Overview
LiteLLM is an open-source AI gateway that gives you a single, unified interface to call 100+ LLM providers, including OpenAI, Anthropic, Gemini, Bedrock, and Azure, all using the OpenAI request format. Instead of juggling a different SDK, auth pattern, and error type for every model, you write your code once and switch providers by changing the model name.
You can use it two ways. As a Python SDK, you import the `completion` function and call any model directly from your application. As an AI Gateway (proxy server), you deploy it as a central service that your whole team points at, with virtual keys, spend tracking, and load balancing handled in one place.
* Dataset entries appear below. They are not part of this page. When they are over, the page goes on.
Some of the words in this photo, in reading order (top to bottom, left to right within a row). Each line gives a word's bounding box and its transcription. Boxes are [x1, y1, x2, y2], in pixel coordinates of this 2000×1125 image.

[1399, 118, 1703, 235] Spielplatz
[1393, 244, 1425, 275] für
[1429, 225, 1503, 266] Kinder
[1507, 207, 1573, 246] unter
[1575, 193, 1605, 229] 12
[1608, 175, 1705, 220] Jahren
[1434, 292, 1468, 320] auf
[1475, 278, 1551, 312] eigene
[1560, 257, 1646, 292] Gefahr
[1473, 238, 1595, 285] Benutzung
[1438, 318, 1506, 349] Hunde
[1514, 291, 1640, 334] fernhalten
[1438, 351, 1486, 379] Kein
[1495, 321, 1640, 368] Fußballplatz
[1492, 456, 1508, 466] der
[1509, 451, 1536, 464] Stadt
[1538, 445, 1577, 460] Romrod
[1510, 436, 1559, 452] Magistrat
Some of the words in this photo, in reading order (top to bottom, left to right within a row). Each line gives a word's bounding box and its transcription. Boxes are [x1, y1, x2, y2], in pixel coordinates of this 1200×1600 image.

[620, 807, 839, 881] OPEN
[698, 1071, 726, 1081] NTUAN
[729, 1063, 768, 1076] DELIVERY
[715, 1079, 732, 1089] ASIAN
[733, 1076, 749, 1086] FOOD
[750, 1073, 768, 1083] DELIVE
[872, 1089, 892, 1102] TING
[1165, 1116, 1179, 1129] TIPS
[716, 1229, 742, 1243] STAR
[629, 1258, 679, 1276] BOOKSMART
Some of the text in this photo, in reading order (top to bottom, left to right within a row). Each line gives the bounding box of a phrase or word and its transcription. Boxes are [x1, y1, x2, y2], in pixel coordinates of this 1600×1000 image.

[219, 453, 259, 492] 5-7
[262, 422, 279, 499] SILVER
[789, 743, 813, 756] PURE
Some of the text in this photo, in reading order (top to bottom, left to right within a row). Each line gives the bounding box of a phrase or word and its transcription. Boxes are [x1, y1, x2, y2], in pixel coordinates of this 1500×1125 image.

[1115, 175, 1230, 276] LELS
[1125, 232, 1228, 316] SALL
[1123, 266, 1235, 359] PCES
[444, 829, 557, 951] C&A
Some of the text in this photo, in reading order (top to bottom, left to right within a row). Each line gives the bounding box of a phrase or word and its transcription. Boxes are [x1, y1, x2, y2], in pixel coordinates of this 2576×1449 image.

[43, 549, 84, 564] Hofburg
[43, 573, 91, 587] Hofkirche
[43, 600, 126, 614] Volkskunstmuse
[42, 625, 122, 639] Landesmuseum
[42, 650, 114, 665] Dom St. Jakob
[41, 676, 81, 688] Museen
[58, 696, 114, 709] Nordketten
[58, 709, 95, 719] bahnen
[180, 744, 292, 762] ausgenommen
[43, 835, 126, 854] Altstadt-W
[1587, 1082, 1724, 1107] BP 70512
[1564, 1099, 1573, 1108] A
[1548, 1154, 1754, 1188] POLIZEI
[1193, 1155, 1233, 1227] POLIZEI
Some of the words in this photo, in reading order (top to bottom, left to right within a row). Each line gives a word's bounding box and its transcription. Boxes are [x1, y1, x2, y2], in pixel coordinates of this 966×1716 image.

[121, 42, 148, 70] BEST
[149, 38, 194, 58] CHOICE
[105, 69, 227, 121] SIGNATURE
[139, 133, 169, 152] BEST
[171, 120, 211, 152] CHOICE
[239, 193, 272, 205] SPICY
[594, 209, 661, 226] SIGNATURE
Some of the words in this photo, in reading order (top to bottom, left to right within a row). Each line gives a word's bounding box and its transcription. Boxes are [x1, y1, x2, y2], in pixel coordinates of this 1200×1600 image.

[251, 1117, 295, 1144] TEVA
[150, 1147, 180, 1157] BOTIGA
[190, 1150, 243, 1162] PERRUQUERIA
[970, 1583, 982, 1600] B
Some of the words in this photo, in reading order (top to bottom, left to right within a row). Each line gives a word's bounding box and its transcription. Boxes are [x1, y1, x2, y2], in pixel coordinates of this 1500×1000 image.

As an LLM gateway, LiteLLM sits between your apps and the model providers. It fits teams that want to standardize how they reach models, keep client code OpenAI-compatible, and add cost tracking, budgets, and fallbacks without rewriting each integration.
What it does
- One unified API for 100+ LLMs, so you avoid provider-specific SDKs
- Drop-in OpenAI compatibility — swap providers by changing the model string, not your code
- Proxy server (AI Gateway) with virtual keys, spend tracking, guardrails, and load balancing
- Admin dashboard for managing keys and monitoring usage out of the box
- Supports many endpoint types: chat/completions, responses, embeddings, images, audio, batches, and rerank
- Can invoke A2A agents (LangGraph, Vertex AI Agent Engine, Bedrock AgentCore, Pydantic AI) via SDK or gateway
Getting started
LiteLLM works as a Python SDK for direct calls or as a proxy server for your whole team. Pick one to start.
Install the Python SDK
Add LiteLLM to your project.
uv add litellmMake your first call
Set the provider API keys you need, then call any model with the OpenAI-format `completion` function. Switch providers by changing the model string.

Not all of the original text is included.